Spatial localization data
* * *
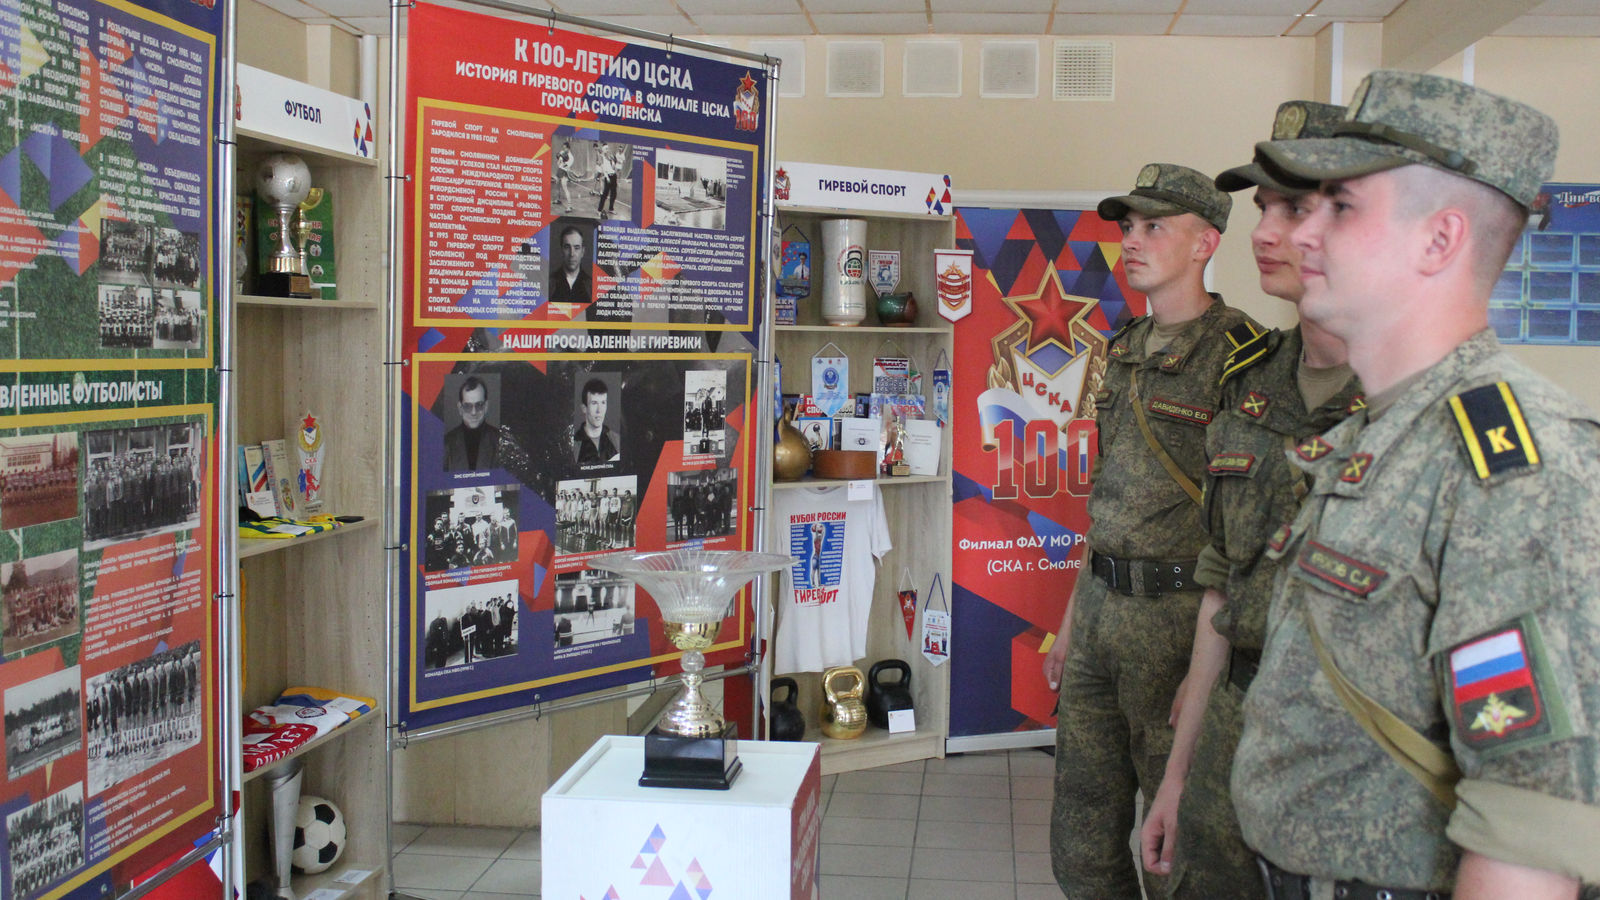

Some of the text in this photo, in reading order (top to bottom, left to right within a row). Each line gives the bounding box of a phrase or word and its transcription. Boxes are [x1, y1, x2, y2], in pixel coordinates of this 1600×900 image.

[514, 38, 693, 92] К 100-ЛЕТИЮ ЦСКА
[456, 60, 730, 119] ИСТОРИЯ ГИРЕВОГО СПОРТА В ФИЛИАЛЕ ЦСКА
[285, 100, 322, 124] ФУТБОЛ
[541, 92, 662, 124] ГОРОДА СМОЛЕНСКА
[818, 179, 906, 196] ГИРЕВОЙ СПОРТ
[503, 334, 701, 350] НАШИ ПРОСЛАВЛЕННЫЕ ГИРЕВИКИ
[73, 381, 162, 404] ФУТБОЛИСТЫ
[1023, 373, 1072, 413] ЦСКА
[1152, 401, 1193, 416] ДАВИДЕНКО
[1485, 426, 1516, 454] К
[992, 419, 1098, 500] 100
[790, 512, 846, 523] КУБОК РОССИИ
[959, 538, 1012, 550] Филиал
[1017, 536, 1046, 548] ФАУ
[1051, 535, 1071, 547] МО
[987, 560, 1023, 575] (СКА
* * *
Your task is to retype the records above in full and exactly, omitting the pictures.

Some of the text in this photo, in reading order (top to bottom, left to right within a row). Each line gives the bounding box of a phrase or word and its transcription. Boxes are [x1, y1, x2, y2], in pixel coordinates of this 1600×900 image.

[514, 38, 693, 92] К 100-ЛЕТИЮ ЦСКА
[456, 60, 730, 119] ИСТОРИЯ ГИРЕВОГО СПОРТА В ФИЛИАЛЕ ЦСКА
[285, 100, 322, 124] ФУТБОЛ
[541, 92, 662, 124] ГОРОДА СМОЛЕНСКА
[818, 179, 906, 196] ГИРЕВОЙ СПОРТ
[503, 334, 701, 350] НАШИ ПРОСЛАВЛЕННЫЕ ГИРЕВИКИ
[73, 381, 162, 404] ФУТБОЛИСТЫ
[1023, 373, 1072, 413] ЦСКА
[1152, 401, 1193, 416] ДАВИДЕНКО
[1485, 426, 1516, 454] К
[992, 419, 1098, 500] 100
[790, 512, 846, 523] КУБОК РОССИИ
[959, 538, 1012, 550] Филиал
[1017, 536, 1046, 548] ФАУ
[1051, 535, 1071, 547] МО
[987, 560, 1023, 575] (СКА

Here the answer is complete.